Un tribunal de Egipto condenó hoy a 12 años de prisión al
exministro del Interior Habib El-Adly por corrupción durante el
Gobierno de Hosni Mubarak, a quien también se procesa por el mismo
delito y otros.
La corte penal de Giza, en la periferia de El Cairo, halló a El-Adly
culpable de utilizar su posición para enriquecerse ilícitamente y
malversar fondos públicos, de ahí que ordenó congelar todos sus
bienes, tal como se había hecho ya de modo cautelar, informó Prensa
Latina.
El ex titular, que todavía tiene pendiente responder ante la
justicia por su presunta responsabilidad en la muerte intencional de
más de 840 manifestantes durante las protestas contra Mubarak,
también está acusado de daños a la propiedad pública y privada.

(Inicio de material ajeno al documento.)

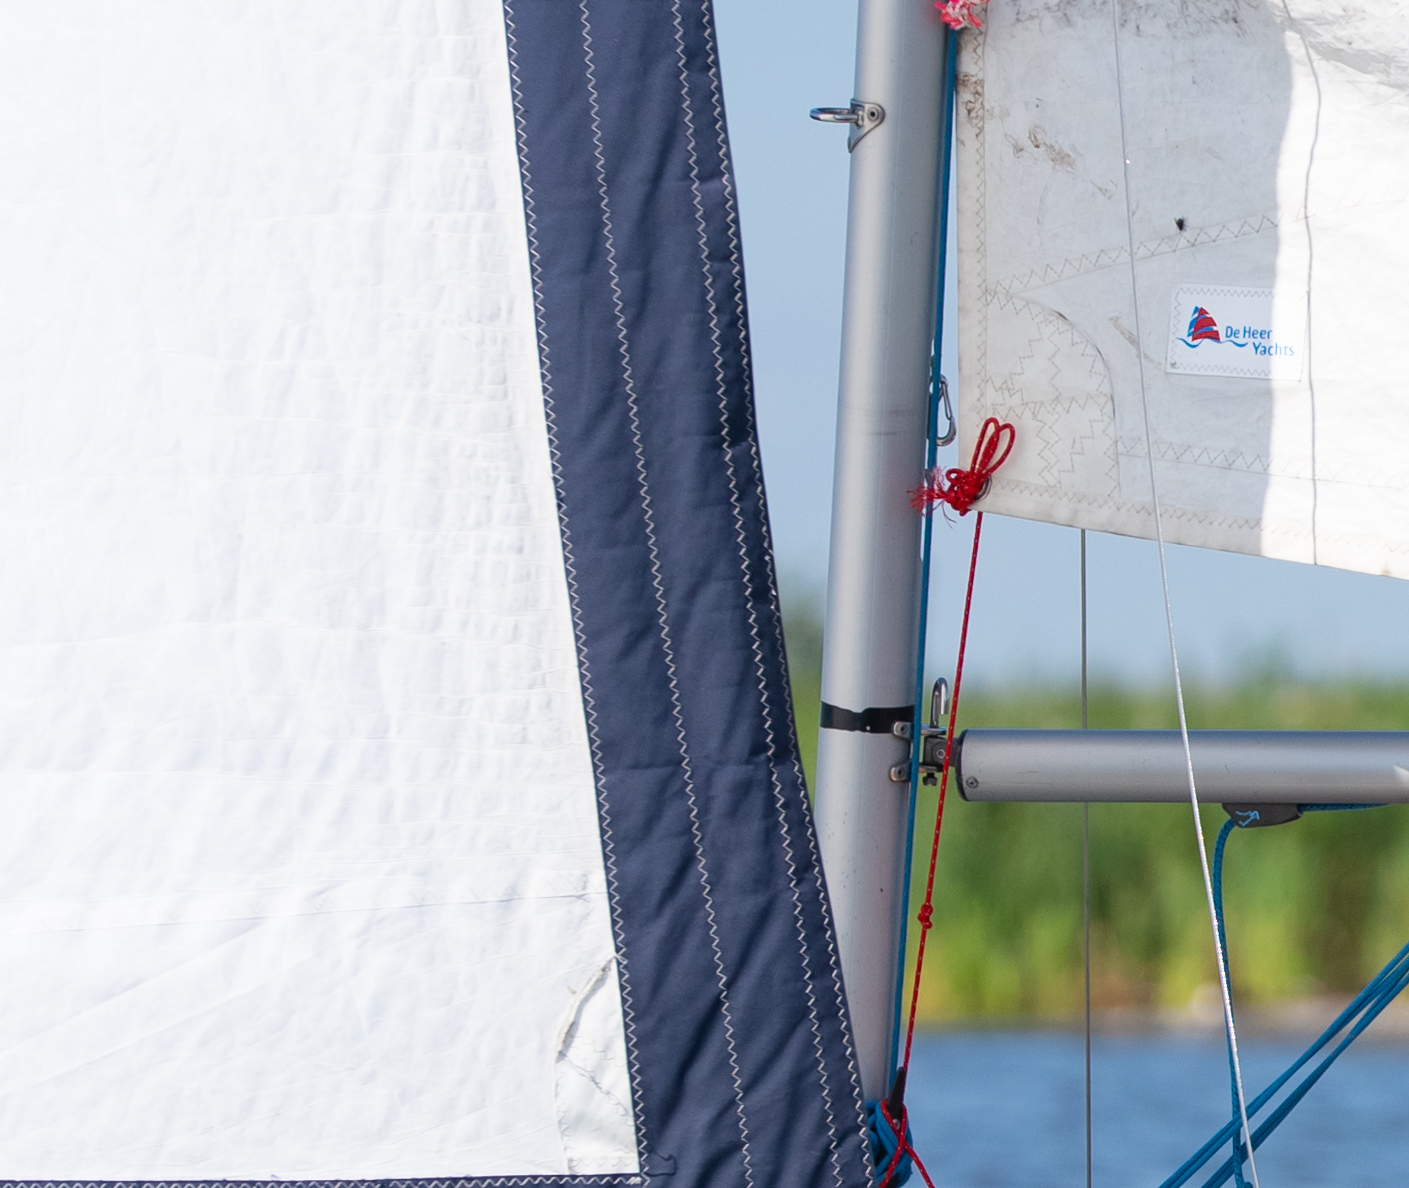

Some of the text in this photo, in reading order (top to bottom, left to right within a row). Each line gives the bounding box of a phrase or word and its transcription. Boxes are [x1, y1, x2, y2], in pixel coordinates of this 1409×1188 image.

[1225, 325, 1273, 339] De Heer
[1252, 341, 1295, 356] Yachts
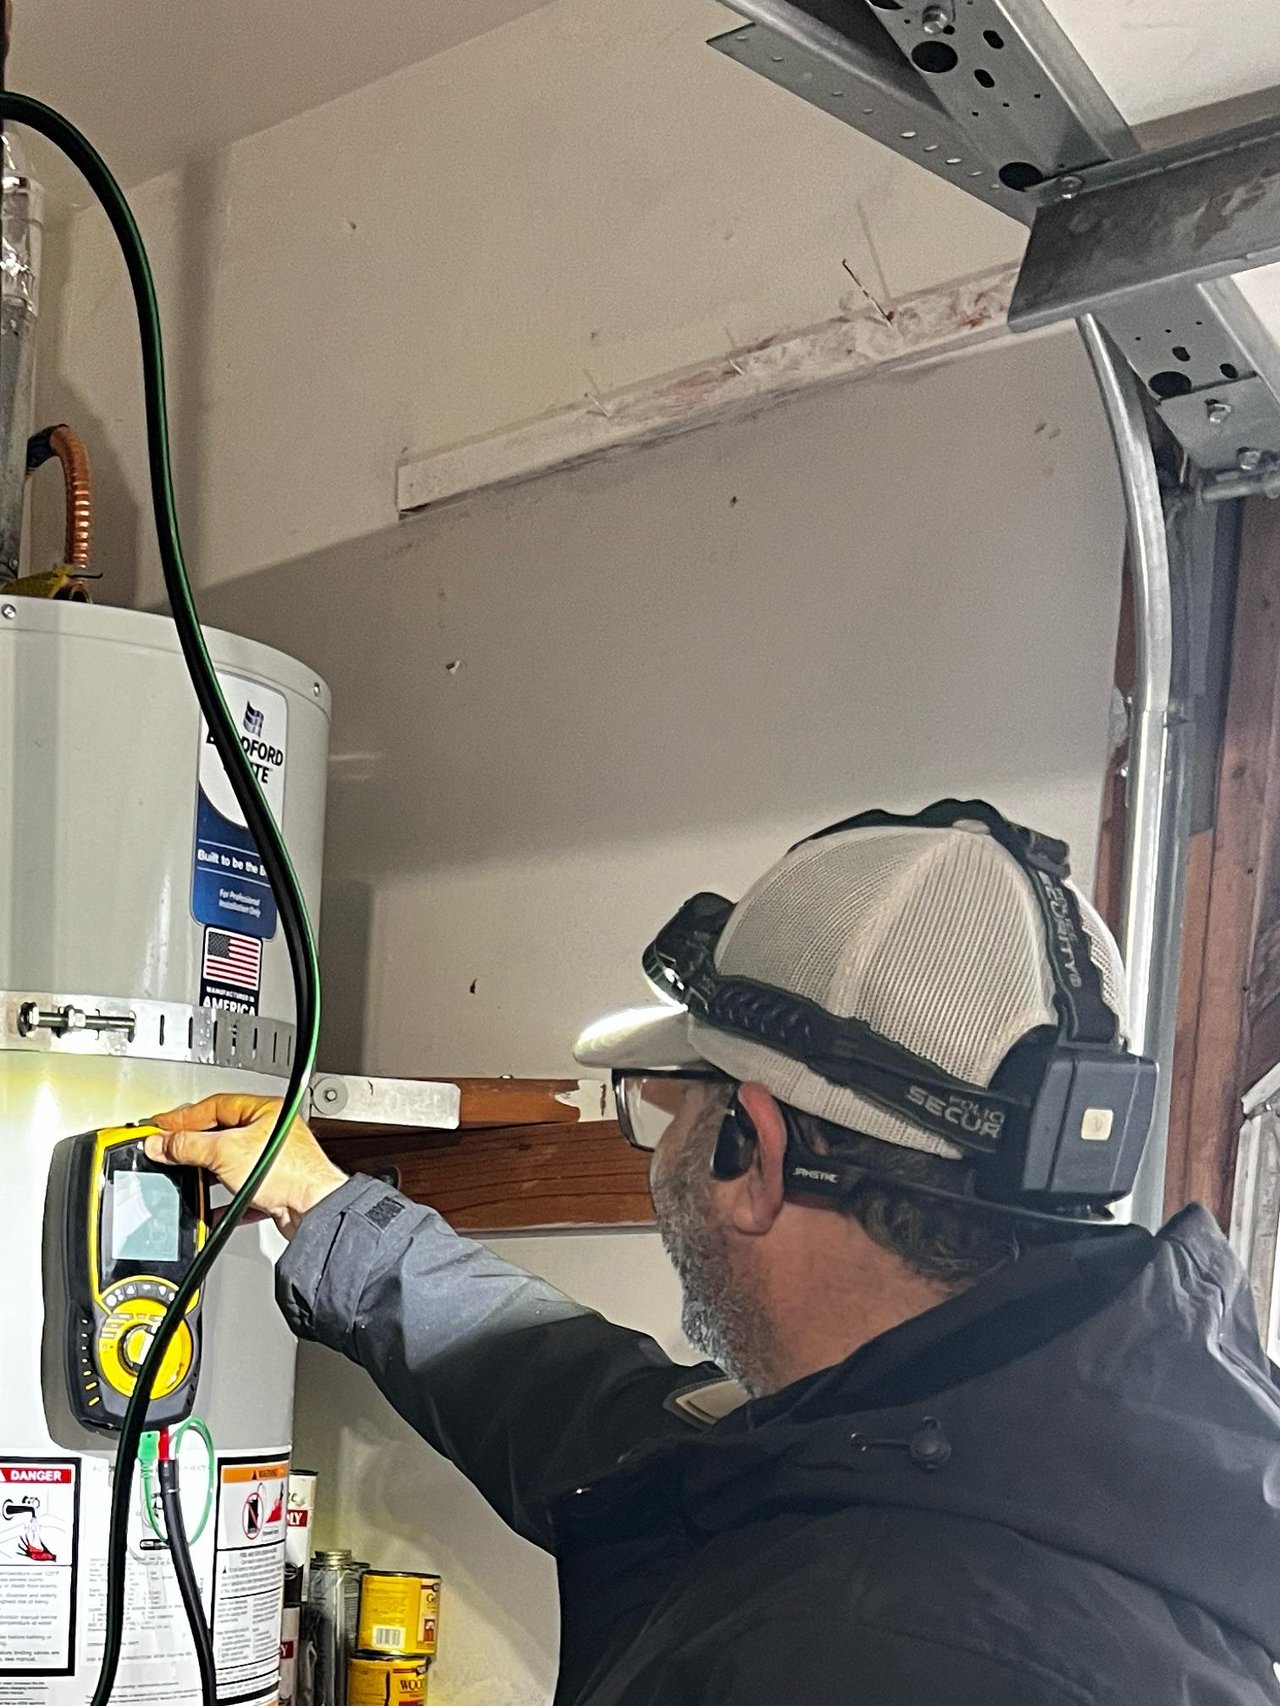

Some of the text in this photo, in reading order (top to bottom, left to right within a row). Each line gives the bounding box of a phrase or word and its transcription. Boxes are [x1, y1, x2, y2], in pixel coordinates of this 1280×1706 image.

Oficiales de policía realizaron recientemente una movilización
para exigir el juicio contra El-Adly, igualmente sindicado por
ordenar la retirada de las fuerzas de seguridad de las calles
durante las revueltas, creando un vacío de seguridad.
Según la acusación, tal postura permitió que los agentes
incendiaran edificios para borrar evidencias de maltratos a
detenidos políticos, además de que se aterrorizó a la población con
la proliferación de matones y el saqueo de negocios y bancos.
La sentencia se conoció un día después de que el primer ministro
interino de Egipto, Essam Sharaf, destituyó del cargo al juez de
instrucción del país Sibai Ahmad Sibai, por generar polémica al
absolver a la policía de acusaciones de asesinato de Khaled Said.
Said era un joven residente en Alejandría y cuya muerte en el
verano de 2010 por una brutal golpiza policial se consideró el
detonante del movimiento reivindicativo que llevó a las protestas
masivas y al derrocamiento de Mubarak, el 11 de febrero pasado.
Las autoridades respondieron con la remoción de Sibai al malestar
popular por el involucramiento del exfuncionario en el informe
médico de la muerte de Said, que intentó exculpar a los policías, y
en el hecho de que también incidió en la valoración de la salud de
Mubarak.
El defenestrado mandatario permanece internado en un hospital del
balneario de Sharm El-Sheikh a la espera de nuevos interrogatorios y
eventualmente juicio por corrupción, malversación de fondos
públicos, abuso de poder y ordenar la represión mortal contra sus
detractores.
Aunque convaleciente, Mubarak fue ayer la causa de choques
callejeros en esta capital entre defensores de su gestión que se
concentraron frente a la sede de la televisión estatal para
conmemorar su 83 cumpleaños, jóvenes revolucionarios que forzaron su
renuncia.
La Fiscalía de Fondos Públicos instruyó ayer mismo a los órganos
de supervisión comenzar investigaciones sobre el robo de fondos de
ayuda extranjera que se supone eran para el programa cultural
Lectura para Todos y otros que dirigió Suzanne Mubarak, esposa del
exgobernante.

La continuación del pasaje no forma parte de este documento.